With four people dead, more than 120 injured and up to 390 evacuated, Hungarian authorities are fighting to prevent further chaos following the nation's biggest-ever chemical spill. The leak, which started at an aluminum plant in Ajka, a town 100 miles (160 km) southwest of Budapest, has pumped at least 35 million cubic feet (1 million cu m) of toxic sludge from the plant's water reservoir into nearby rivers since Oct. 4. And while Hungary has faced other environmental disasters including a cyanide spill in the Tisza River in 2000 none compare to the current crisis. "No one died" in that earlier incident, says Eva Csobod, director of the Hungarian office of the Regional Environmental Centre (REC). "In this spill, we already have four people dead, and two were children. I would say this is the worst Hungary has ever had."
And it looks like it will only get worse. By Oct. 7, the tidal wave of toxic red sludge made up of arsenic, cadmium and lead was seeping into the Danube by way of the Raba River. Experts now fear Hungary's national disaster may turn into a regional one, with chemicals potentially reaching six countries. Officials in Croatia, Serbia and Romania have already started testing the Danube and have their fingers crossed that the river's volume will help dilute any toxins. But Gabor Figeczky, acting head of the World Wildlife Fund (WWF) in Hungary, isn't optimistic. "Now the spill has gotten through to the Raba River and then to the Danube, and it still has a much higher alkaline concentration than we saw before," he told Deutsche Welle. "It's much worse than we expected [on Wednesday]."

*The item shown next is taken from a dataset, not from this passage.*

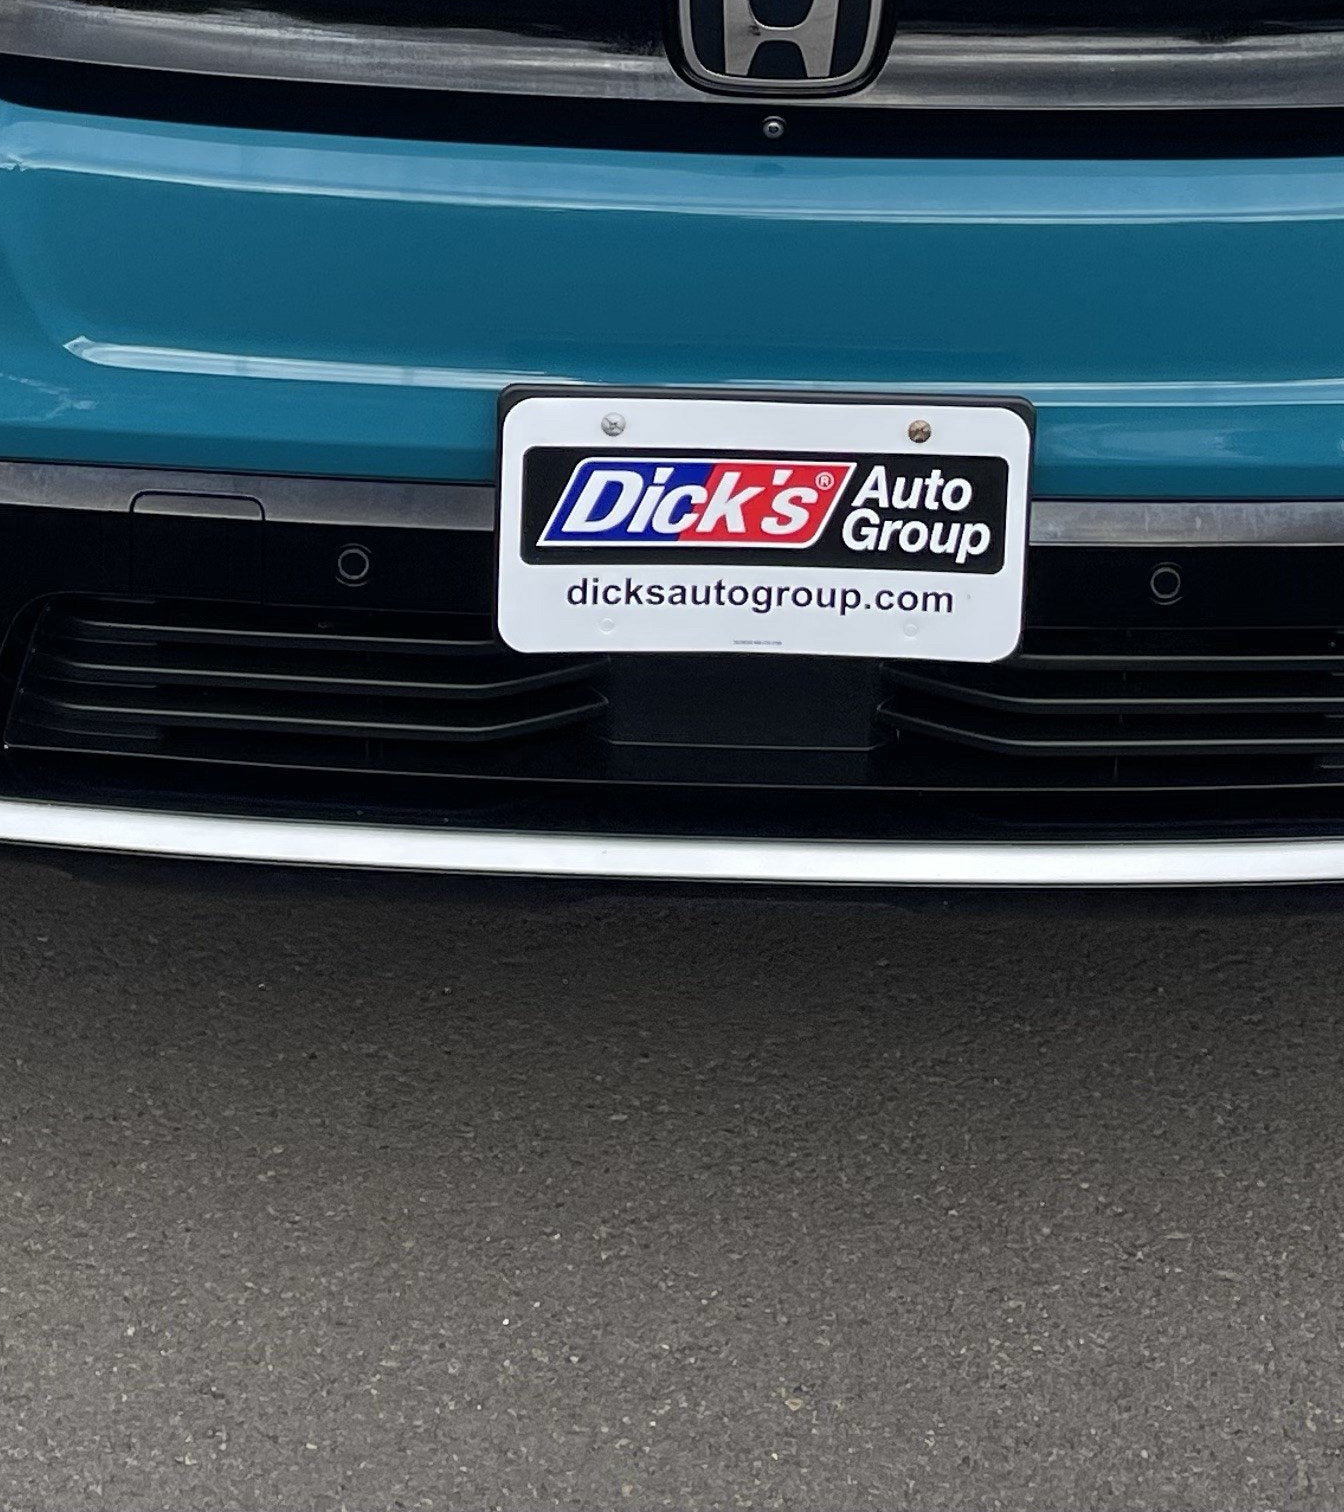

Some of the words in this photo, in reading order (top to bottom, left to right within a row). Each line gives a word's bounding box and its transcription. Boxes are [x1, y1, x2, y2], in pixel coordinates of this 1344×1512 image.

[851, 465, 973, 512] Auto
[842, 508, 991, 564] Group
[567, 577, 954, 616] dicksautogroup.com
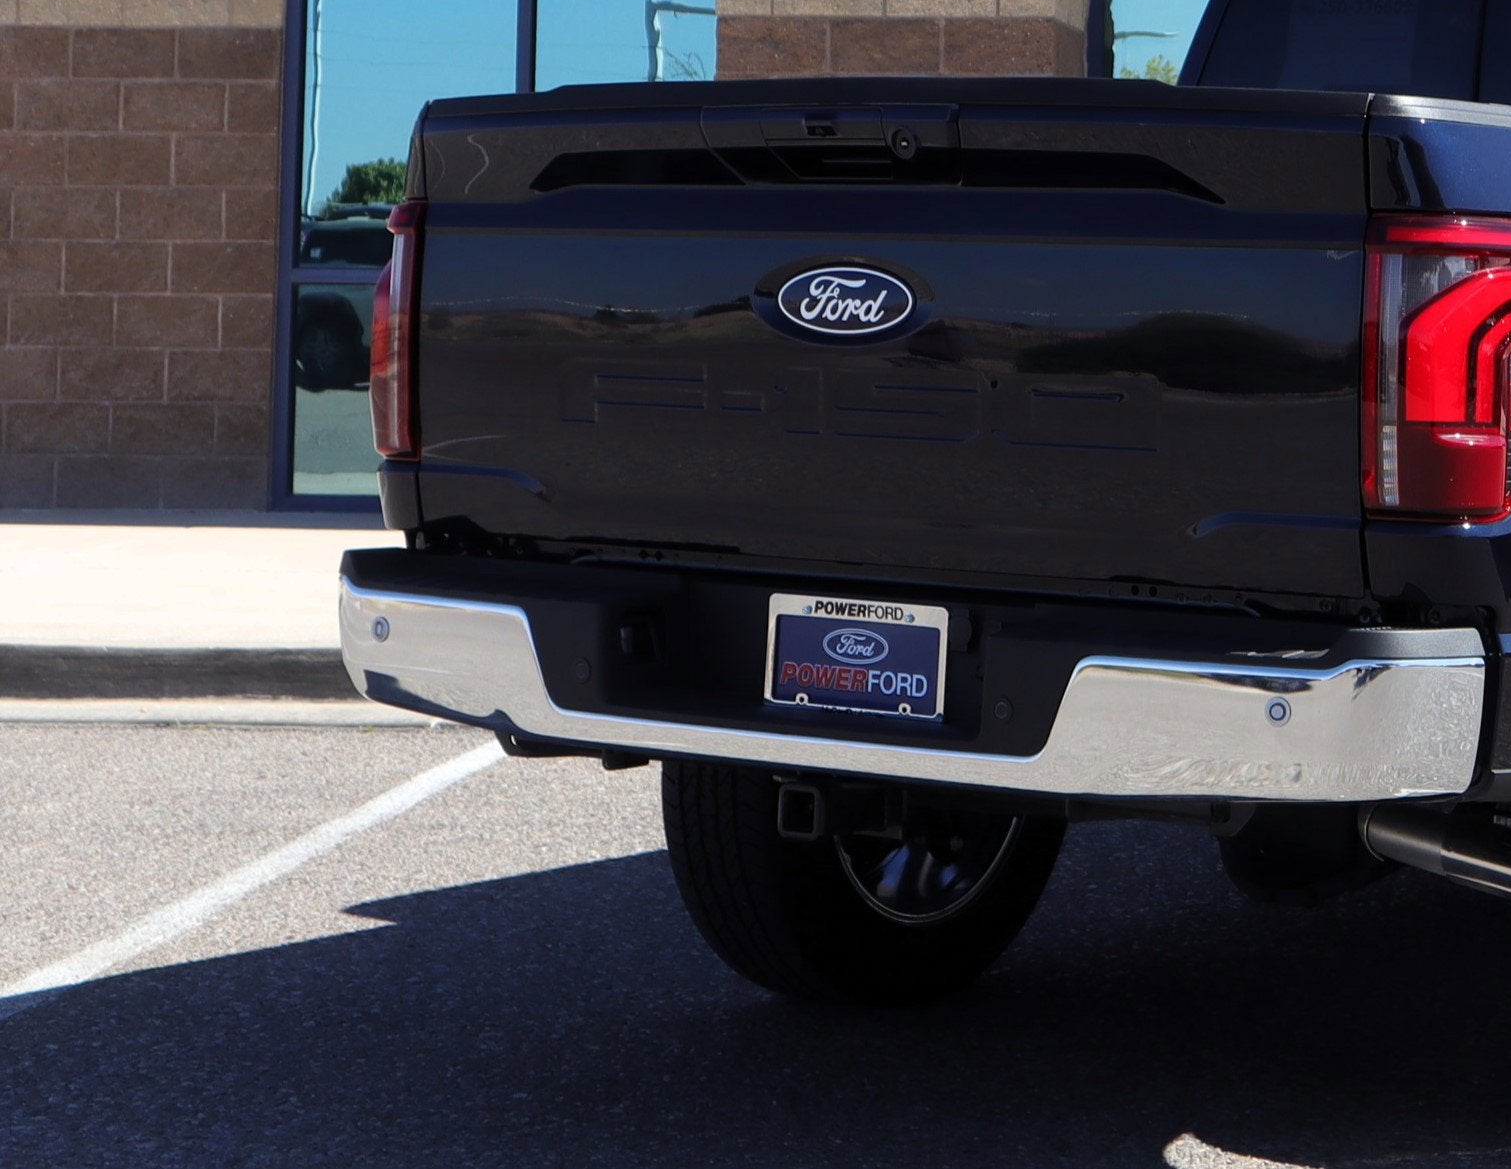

As nations bordering the Danube such as Serbia and Bulgaria brace for contamination, Hungary is still struggling to deal with the devastation of the initial spill, which flooded the villages of Devecsar, Kolontar and Somlovasarhely in northwest Hungary. Emergency-response teams, including the Hungarian armed forces, began to evacuate residents within hours of the spill and staved off the contamination of a fourth village by treating and removing the sludge. Despite that good work, authorities say up to 7,000 people in these and four other villages have been directly affected. And leaders are struggling to measure the spill's human and environmental costs. "Nothing like this has happened in Hungary before," Tamas Toldi, mayor of Devecsar, told TIME. "Right now the most important thing is to save people from the [flood]."
Toldi admitted that even those people who have been safely evacuated face an uncertain future. Authorities reported on Oct. 6 that up to 2,000 acres (800 hectares) of farmland and 8.6 acres (3.5 hectares) of populated areas have been poisoned. "The [chemical] sludge has gone into houses and has destroyed and corroded everything," he said. "It's also going into the soil, and we don't know how we'll produce healthy food in our fields."
Hungary's leaders paint the dangers of the spill in bleak terms. According to Zoltan Illes, Hungary's State Secretary for the Environment, the waste is "carcinogenic" and may pose a long-term threat. He also worries the wind and water systems will spread toxins far and wide. Gergo Simon, an official with the Air Working Group, a Hungarian environmental agency, told Hungary's MTI news service that lead particles in the waste pose a special danger to children, and other experts warn the sludge may contain radioactive particles.
Experts admit there is much they don't understand about the disaster, since there is no precedent in Hungary and few internationally. "We are still collecting facts," government spokeswoman Anna Nagy says. "We are asking scientists to investigate the question of impact." She says the big question is when people can start going home. "Right now, no one knows when people can start cultivating their gardens again, and how the toxins in the ground might react with things such as construction materials." Officials still need to assess the safety of drinking water.
Authorities still haven't determined the cause of the spill. MAL Zrt, the Hungarian aluminum company that owns the plant where the accident occurred, has said its facilities follow waste-management regulations and are inspected regularly. Nagy confirmed that an inspection of the facility took place as recently as Sept. 23 just 12 days before the spill. Even so, the plant has been shut down, and Hungary's National Investigation Office has already launched an investigation into possible negligence.
Discovering the cause of the disaster could prevent future accidents and lead to court-issued damages to fund the cleanup. But finding fault will bring little solace to villagers who either have lost their homes or face the prospect of returning to a poisoned landscape. "It's difficult to imagine the impact of this disaster," Toldi told TIME. "Homes and livelihoods have been lost."